Records provided -
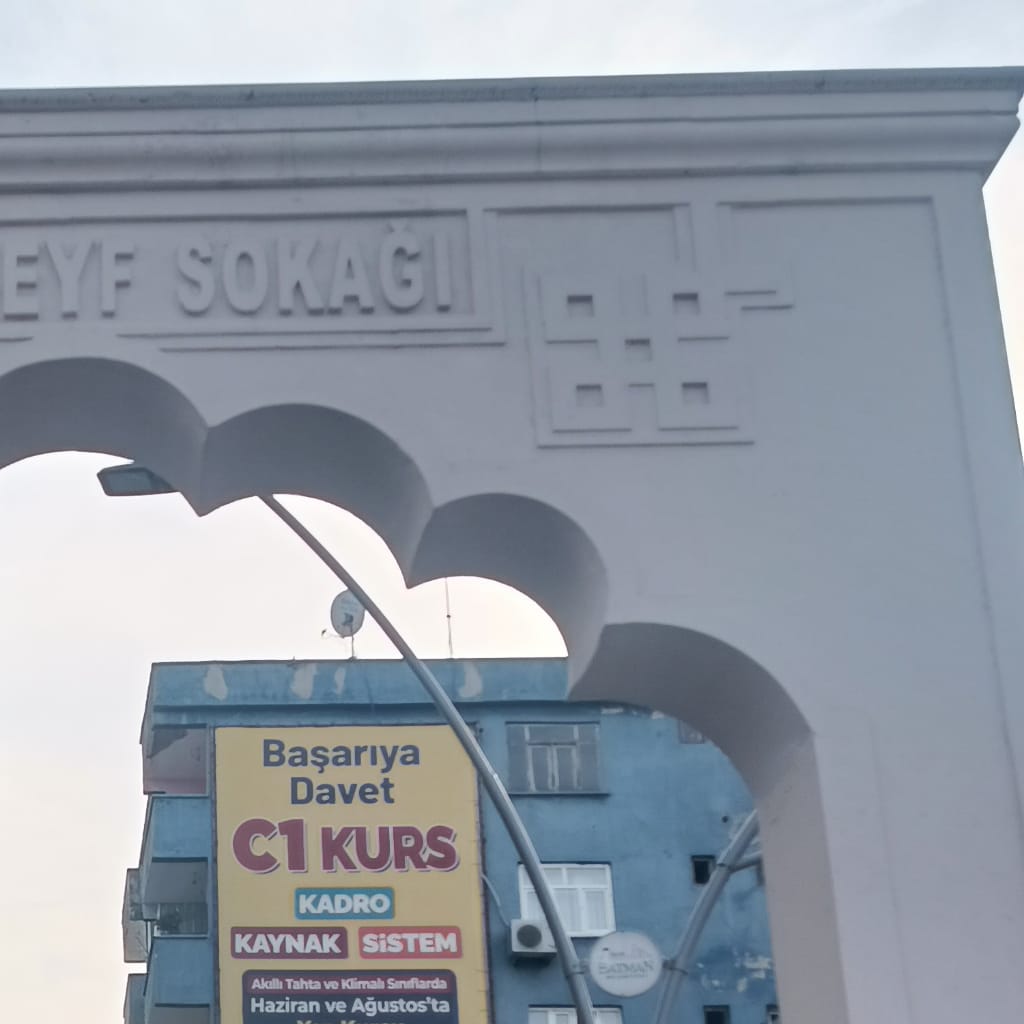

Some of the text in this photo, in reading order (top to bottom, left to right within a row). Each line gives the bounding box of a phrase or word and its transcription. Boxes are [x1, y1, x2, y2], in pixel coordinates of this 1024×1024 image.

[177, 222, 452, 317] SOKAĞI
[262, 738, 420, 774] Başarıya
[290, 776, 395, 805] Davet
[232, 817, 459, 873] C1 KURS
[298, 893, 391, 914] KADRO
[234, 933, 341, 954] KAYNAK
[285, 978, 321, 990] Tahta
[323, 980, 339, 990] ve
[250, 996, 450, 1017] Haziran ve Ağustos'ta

Task goal -
Everything in the listing above is to be given again exactly, apart from the pictures.

Finished exercise -
Some of the text in this photo, in reading order (top to bottom, left to right within a row). Each line gives the bounding box of a phrase or word and its transcription. Boxes are [x1, y1, x2, y2], in pixel coordinates of this 1024×1024 image.

[177, 222, 452, 317] SOKAĞI
[262, 738, 420, 774] Başarıya
[290, 776, 395, 805] Davet
[232, 817, 459, 873] C1 KURS
[298, 893, 391, 914] KADRO
[234, 933, 341, 954] KAYNAK
[285, 978, 321, 990] Tahta
[323, 980, 339, 990] ve
[250, 996, 450, 1017] Haziran ve Ağustos'ta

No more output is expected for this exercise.